Avital Norman Nathman:I think it's a combination of the two and most of the time they're pretty synonymous.
Katie Klabusich:is there a right and wrong way to be a mum?
Avital Norman Nathman:Because if you stay at home you still do it alone and if you work you're doing it all and alone and it's a slippery slope. And it's so easy to pit these two versions of motherhood against each other and nobody wins.
Katie Klabusich:There's certainly judgement leveled at either choice.
Avital Norman Nathman:Great Q Lucy. I think beyond notions of human decency, kindness, etc... it's less about ONE particular way of being a mom and more about "does this work for our family."
Katie Klabusich:Oooo! Lucy lead us right to your essay!
Avital Norman Nathman:But because there *is* so much judgment, we rarely get to ponder that question and start to worry more about how our parenting is viewed by everyone else.
Katie Klabusich:Tell us about your essay. I know that a couple of you in the audience who haven't gotten this far in the book yet will identify COMPLETELY with it because you're going through the same thing.
Avital Norman Nathman:Well, I should probably start off with the title. It's called, "Yes, I am that selfish." ha! Any guesses as to what I could be talking about?
Avital Norman Nathman:(too many things to choose from!)
Katie Klabusich:Ha! My best friend is fielding these exact questions right now.
Katie Klabusich:They're process of deciding what their family dymanic is and should be is similar to yours.
Avital Norman Nathman:My essay focuses on our choice to only have 1 child and the outrage - from both those close to us and complete strangers - that we've gotten, and still continue to get.
Katie Klabusich:I have never understood this...
Katie Klabusich:the judgement
Katie Klabusich:WHY DO YOU CARE??
Avital Norman Nathman:It's amazing how many people feel the need to tell you how your family should look/act/be like, and yet then when push comes to shove and you need support, aid, whatever it is. *poof* where are they now?

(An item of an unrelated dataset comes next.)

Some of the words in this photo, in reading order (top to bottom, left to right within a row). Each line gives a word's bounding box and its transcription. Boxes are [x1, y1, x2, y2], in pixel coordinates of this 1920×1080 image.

Lucy Dyer:everyone has their own idea what it is to be a "good" mum. trouble is,there will be some who push their idea onto others,which i think is wrong
Katie Klabusich:everyone has their own idea what it is to be a "good" mum. trouble is,there will be some who push their idea onto others,which i think is wrong
Katie Klabusich:Exactly, Lucy. And that's totally what's happening.
Avital Norman Nathman:Exactly Lucy. And how are they benefiting the family with those ideas? Odds are, they're not.

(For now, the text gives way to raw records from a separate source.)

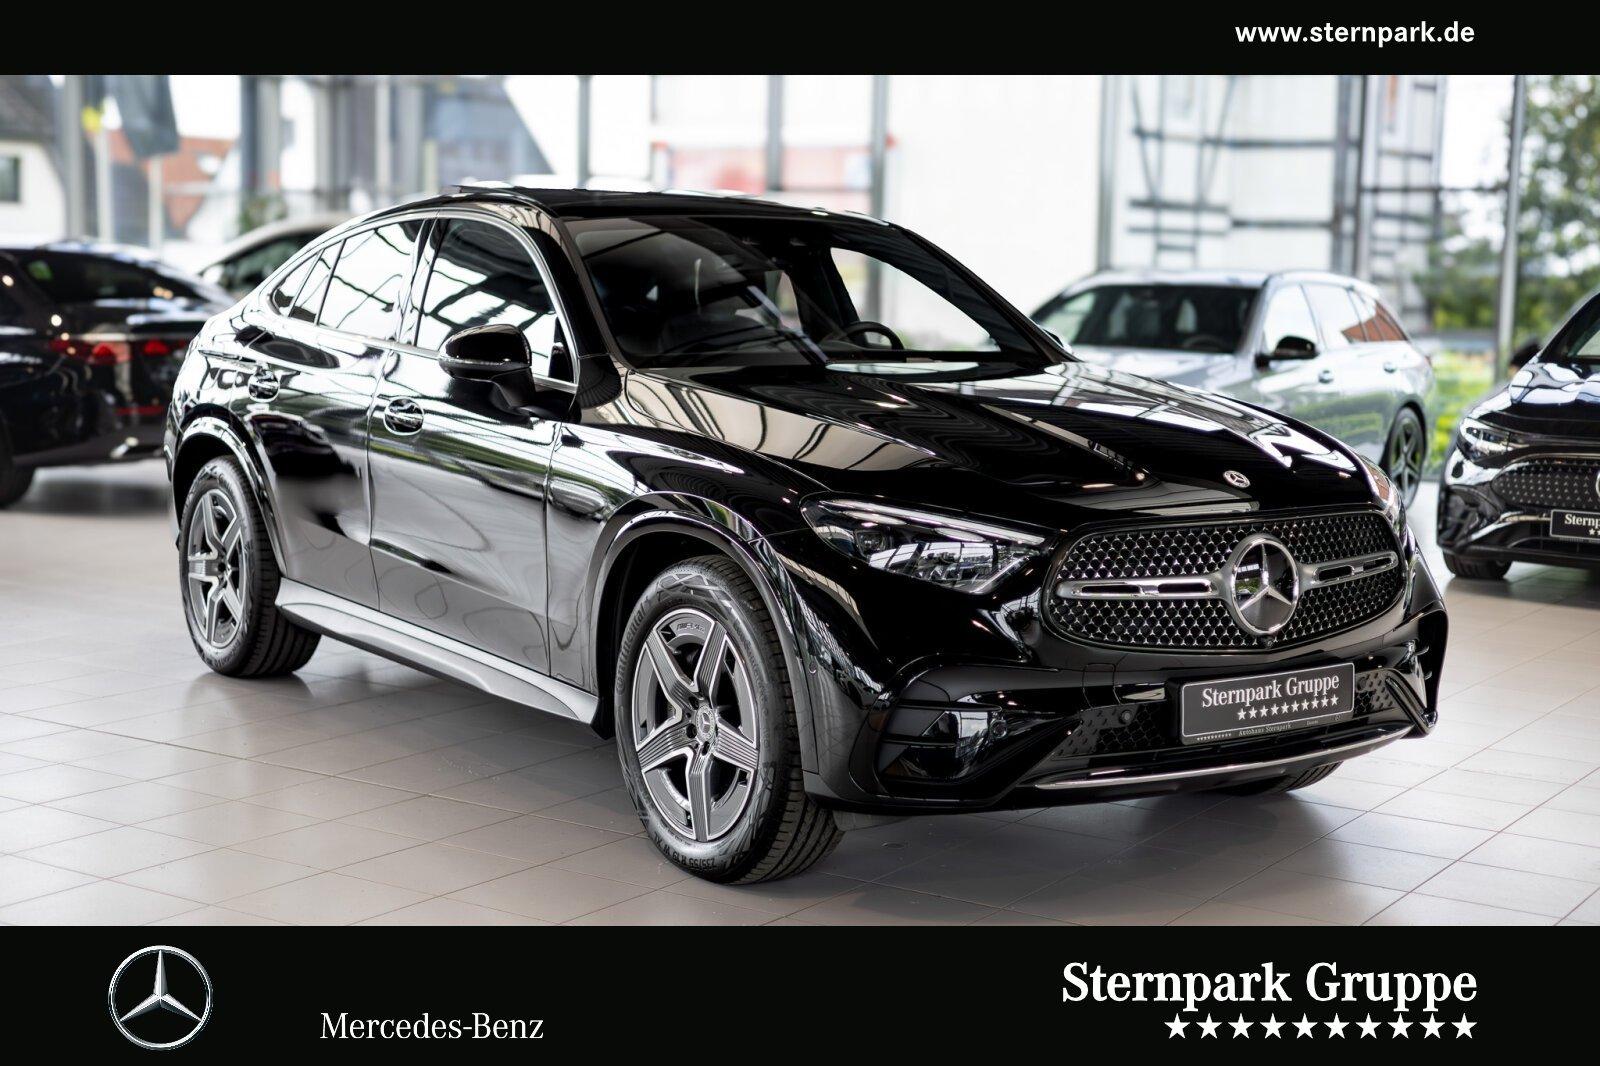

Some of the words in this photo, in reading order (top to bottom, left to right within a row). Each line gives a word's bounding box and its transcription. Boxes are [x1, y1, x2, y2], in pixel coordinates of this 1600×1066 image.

[616, 602, 647, 696] Continental
[1202, 679, 1283, 708] Sternpark
[1286, 675, 1340, 697] Gruppe
[1238, 727, 1265, 737] Autohaus
[1265, 723, 1292, 734] Sternpark

Katie Klabusich:It's the one area that complete strangers feel like they have a right to weigh in!
Avital Norman Nathman:Exactly. And there's no right answer. You're either not having enough (or heaven forbid ANY!) or you have too many kids.
Lucy Dyer:also,if you are not a mother,then its felt by some that you have no say,no idea,how it feels to be a mother,and so shouldnt have an opinion
Katie Klabusich:Yeah. Turns out, there is never a right number of kids from zero to "insert the Duggars here"
Avital Norman Nathman:Maybe 2 or 3 is the perfect number for the general public, but that doesn't mean it's the right fit for every family.
Avital Norman Nathman:Exactly. And let's not even get into how these types of questions neglect to take into account issues of fertility, etc...
Katie Klabusich:Yeah, those questions can have triggers embedded in them.
Avital Norman Nathman:also,if you are not a mother,then its felt by some that you have no say,no idea,how it feels to be a mother,and so shouldnt have an opinion
Katie Klabusich:What if the people you're insisting have more tried and couldn't??
Katie Klabusich:I'll say it. That makes the questioner and asshole. ;)
Avital Norman Nathman:Exactly. In my case, it was a very consciously made decision between my husband and myself. But you never know!
Katie Klabusich:Every family should construct itself the way that works best for the members.
Avital Norman Nathman:Exactly. And yet...
Katie Klabusich:If your family works with none or five kids, than that's who you are and how your family should look.
Avital Norman Nathman:I also hate how I would have people trying to pit my son against us. "Don't you *want* a brother or sister?" Um... back off.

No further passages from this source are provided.